Weiner J P, Steinwachs D M, Williamson J W
Am J Public Health. 1986 May;76(5):507-11. doi: 10.2105/ajph.76.5.507.
This study empirically examines the practices of non-physician providers (NPPs) within three large competitive health maintenance organizations (HMOs), as well as the physicians' and NPPs' views regarding the ideal role of NPPs. These roles are compared with NPP delegation patterns incorporated in the modeling methodology developed by the Graduate Medical Education National Advisory Committee (GMENAC). GMENAC recommended relatively high levels of delegation by physicians to NPPs. One of the HMO sites made use of NPPs at rates even higher than GMENAC's national ideals, while the rates at the other two were lower. The normative ideals for pediatric NPPs developed at each HMO were consistently higher than their actual roles. Concerns with acceptance and the role of NPPs are clearly no longer issues. Instead, the limits on NPP involvement appear to relate to considerations of costs, availability, and the increasing numbers of physicians competing for similar opportunities.

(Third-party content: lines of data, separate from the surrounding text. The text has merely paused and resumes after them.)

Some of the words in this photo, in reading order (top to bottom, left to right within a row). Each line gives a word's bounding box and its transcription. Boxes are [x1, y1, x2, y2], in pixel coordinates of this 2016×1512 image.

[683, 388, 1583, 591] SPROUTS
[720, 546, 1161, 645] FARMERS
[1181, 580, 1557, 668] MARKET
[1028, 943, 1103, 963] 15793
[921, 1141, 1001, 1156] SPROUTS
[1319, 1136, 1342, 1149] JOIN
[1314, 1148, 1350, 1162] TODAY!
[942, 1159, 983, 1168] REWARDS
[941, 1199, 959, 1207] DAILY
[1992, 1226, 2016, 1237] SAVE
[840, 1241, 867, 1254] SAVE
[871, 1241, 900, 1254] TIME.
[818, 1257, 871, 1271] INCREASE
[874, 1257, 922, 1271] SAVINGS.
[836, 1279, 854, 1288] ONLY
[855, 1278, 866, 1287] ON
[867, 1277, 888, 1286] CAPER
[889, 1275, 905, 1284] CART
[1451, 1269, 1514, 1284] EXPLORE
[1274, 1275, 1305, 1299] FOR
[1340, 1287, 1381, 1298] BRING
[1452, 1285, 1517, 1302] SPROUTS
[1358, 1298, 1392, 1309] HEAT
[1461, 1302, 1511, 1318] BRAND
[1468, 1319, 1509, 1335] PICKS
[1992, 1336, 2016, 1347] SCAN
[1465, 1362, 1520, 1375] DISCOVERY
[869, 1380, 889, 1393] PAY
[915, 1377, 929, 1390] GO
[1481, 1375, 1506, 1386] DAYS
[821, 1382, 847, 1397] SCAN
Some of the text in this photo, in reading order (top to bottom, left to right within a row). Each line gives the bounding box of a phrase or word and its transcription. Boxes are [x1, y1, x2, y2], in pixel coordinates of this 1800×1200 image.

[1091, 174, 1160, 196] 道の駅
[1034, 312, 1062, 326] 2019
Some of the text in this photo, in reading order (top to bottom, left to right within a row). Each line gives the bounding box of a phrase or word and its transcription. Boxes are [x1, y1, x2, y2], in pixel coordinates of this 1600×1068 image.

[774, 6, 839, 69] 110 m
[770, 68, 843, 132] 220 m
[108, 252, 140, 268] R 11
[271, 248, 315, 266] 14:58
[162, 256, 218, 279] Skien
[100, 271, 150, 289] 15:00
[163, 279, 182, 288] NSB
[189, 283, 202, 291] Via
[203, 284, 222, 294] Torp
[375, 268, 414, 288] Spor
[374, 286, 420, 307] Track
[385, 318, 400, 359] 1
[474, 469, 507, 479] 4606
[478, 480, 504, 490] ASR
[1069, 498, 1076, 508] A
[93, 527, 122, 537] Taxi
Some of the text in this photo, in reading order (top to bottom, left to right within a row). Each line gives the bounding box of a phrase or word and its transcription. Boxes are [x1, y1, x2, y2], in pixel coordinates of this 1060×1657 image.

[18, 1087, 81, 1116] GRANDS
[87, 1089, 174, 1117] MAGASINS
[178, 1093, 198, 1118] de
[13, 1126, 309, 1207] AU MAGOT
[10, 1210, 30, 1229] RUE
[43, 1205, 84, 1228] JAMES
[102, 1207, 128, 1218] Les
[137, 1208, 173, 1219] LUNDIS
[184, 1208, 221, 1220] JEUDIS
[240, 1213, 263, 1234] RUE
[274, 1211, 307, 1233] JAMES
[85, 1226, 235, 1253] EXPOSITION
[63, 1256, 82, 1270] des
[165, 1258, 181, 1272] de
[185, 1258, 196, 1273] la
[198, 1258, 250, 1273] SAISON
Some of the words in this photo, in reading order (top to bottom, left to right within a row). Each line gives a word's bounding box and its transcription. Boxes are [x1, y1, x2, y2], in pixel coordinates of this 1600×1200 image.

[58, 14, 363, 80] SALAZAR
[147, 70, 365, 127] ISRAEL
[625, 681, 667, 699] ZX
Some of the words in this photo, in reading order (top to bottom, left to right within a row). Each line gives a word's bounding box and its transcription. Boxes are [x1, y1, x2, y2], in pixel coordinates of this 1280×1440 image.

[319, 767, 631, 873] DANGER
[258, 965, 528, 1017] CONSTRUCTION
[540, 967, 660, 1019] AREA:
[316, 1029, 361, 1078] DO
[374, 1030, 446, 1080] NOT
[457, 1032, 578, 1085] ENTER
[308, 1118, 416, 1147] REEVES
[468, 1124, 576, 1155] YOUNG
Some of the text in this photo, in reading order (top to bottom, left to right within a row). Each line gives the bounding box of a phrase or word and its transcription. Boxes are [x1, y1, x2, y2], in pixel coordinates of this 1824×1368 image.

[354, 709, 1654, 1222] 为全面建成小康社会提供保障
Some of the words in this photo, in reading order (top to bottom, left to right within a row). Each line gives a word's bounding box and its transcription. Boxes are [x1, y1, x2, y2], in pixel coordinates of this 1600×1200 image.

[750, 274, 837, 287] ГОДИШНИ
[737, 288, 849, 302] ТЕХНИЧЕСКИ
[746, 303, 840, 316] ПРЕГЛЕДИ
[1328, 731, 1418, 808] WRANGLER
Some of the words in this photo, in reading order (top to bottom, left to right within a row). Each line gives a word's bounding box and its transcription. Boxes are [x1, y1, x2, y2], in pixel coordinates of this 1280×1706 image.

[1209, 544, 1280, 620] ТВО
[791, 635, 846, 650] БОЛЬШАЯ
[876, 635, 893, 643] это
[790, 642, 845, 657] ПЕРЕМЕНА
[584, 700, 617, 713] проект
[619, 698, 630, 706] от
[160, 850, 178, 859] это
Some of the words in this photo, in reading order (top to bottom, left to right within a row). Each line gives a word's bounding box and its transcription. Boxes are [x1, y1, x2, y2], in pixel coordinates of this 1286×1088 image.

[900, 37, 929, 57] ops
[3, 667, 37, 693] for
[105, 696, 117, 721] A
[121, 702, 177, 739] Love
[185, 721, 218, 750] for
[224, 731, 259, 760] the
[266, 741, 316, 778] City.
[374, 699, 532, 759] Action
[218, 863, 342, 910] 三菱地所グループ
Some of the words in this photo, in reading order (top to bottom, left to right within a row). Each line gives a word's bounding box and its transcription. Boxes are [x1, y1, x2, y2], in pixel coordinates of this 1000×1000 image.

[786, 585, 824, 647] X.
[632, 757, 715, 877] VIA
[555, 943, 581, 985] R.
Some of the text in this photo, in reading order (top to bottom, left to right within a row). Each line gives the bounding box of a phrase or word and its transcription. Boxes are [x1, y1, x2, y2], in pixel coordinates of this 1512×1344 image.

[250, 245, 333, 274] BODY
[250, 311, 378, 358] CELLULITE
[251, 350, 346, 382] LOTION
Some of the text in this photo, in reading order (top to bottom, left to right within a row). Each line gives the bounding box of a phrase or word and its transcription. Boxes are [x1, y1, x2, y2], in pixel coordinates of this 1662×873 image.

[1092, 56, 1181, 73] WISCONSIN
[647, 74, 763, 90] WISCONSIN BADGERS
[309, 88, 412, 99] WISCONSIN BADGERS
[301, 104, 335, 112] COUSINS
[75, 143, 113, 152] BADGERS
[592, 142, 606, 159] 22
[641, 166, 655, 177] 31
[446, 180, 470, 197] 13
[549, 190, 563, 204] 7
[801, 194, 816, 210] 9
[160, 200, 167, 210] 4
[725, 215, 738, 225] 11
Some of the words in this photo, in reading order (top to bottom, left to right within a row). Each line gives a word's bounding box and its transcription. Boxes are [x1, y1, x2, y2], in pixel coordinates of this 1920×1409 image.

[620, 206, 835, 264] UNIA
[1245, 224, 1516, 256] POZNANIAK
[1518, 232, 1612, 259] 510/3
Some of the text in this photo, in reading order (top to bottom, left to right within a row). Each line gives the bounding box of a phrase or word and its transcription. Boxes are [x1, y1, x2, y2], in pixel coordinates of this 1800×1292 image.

本研究实证考察了三家大型竞争性健康维护组织(HMO)中非医师提供者(NPP)的执业情况,以及医师和NPP对NPP理想角色的看法。这些角色与研究生医学教育全国咨询委员会(GMENAC)开发的建模方法中纳入的NPP授权模式进行了比较。GMENAC建议医师对NPP进行相对较高水平的授权。其中一个HMO机构使用NPP的比例甚至高于GMENAC的全国理想水平,而另外两个机构的比例则较低。每个HMO制定的儿科NPP的规范理想水平始终高于其实际角色。对NPP接受度和角色的担忧显然已不再是问题。相反,NPP参与的限制似乎与成本、可用性以及争夺类似机会的医师数量增加等因素有关。